But Joseph and I persuaded him to wait a bit longer. And when the time came, it was still too soon by my heart’s reckoning. But I had vowed to do Your will, and so I helped him any way I could. Many times that meant stepping aside, occasionally it meant helping others to understand, and nearly always, it meant biting my tongue when I feared he’d gone too far, too fast.

But this! Oh Beloved, is this necessary! Must our child suffer so? We are not worthy of such pain. Take him! Take him now, before I go mad with rage and pain.

But stay! Do not take him yet . . . This is the body of my body, the blood of my blood. I will devour him with my eyes, eating his body, drinking his blood. I will carry him within me forever.

His soft summons of “Mother” reaches me as if in a dream. I move as close to his feet as the soldiers will permit, John beside me.

“Ema,” my dying son says to me, indicating John. “Behold your son.”

And to John he says, “Behold your mother.”

His voice is almost too faint to hear.

“I am thirsty,” he rasps. I turn in silent appeal. The young soldier at the foot of the cross hesitates. Then, with a slight shrug, he puts a sponge soaked in cheap wine onto his lance and hoists it to Jesus. He wets his lips, and speaks again, his words tearing into my heart like knives.
“It is finished.”

Then he cries out to You, Beloved.

“Abba, into Your hands I commend my spirit.”
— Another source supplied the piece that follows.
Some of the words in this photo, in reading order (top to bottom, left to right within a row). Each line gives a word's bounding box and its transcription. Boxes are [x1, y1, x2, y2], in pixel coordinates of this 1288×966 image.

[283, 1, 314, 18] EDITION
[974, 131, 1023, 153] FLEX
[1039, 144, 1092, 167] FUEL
He drops his head and his eyes meet mine. And as I watch, the light dies.


I hear a scream and wonder who it is. The sky darkens, thunder rumbles, and a great silence falls. My body feels numb. It seems as if the darkness lasts forever. After a time, however, light returns. Shaken, the soldiers begin taking my child down from the cross. One of them, a centurion I think, motions to them to give me the body.

I sink down on a rock, and with a curious gentleness, the soldiers hand him to me, draping him across my lap. I cradle him, my babe now man. His head lolls against my breast, and his soft hair strokes my chin. I gently close his eyes and with my veil wipe the blood off his face.

I have no tears left. My eyes are spent with weeping, my soul is in tumult, my heart is poured out in grief because of the downfall of my people.

John says something to me, and I look up, my eyes blazing.

“Do not call me Naomi, which means Pleasant. Call me Mara, which means Bitter; for the Almighty has dealt very bitterly with me.”

John looks shocked, but what do I care? What are all the prophecies to me now? What do I care for all the fine words of men? My child is dead!

Agony forces my head back and I scream at the heavens, “My baby! I want my baby back!”

Wednesday, March 19, 2008

Thursday of Holy Week

This is from Women of the Passion, A Journey to the Cross, which I wrote some years ago for a women's retreat. This is Mary Magdalene speaking.


V: And I know if my grief were a river.

R: The whole earth would drown.


I watch them stretch his naked body out on the cross. Even in this moment of complete vulnerability, he is magnificent! As I look at him through eyes blurred with tears, he is no longer just one man, but seems instead to embody all of suffering humankind. Could any human endure such a burden?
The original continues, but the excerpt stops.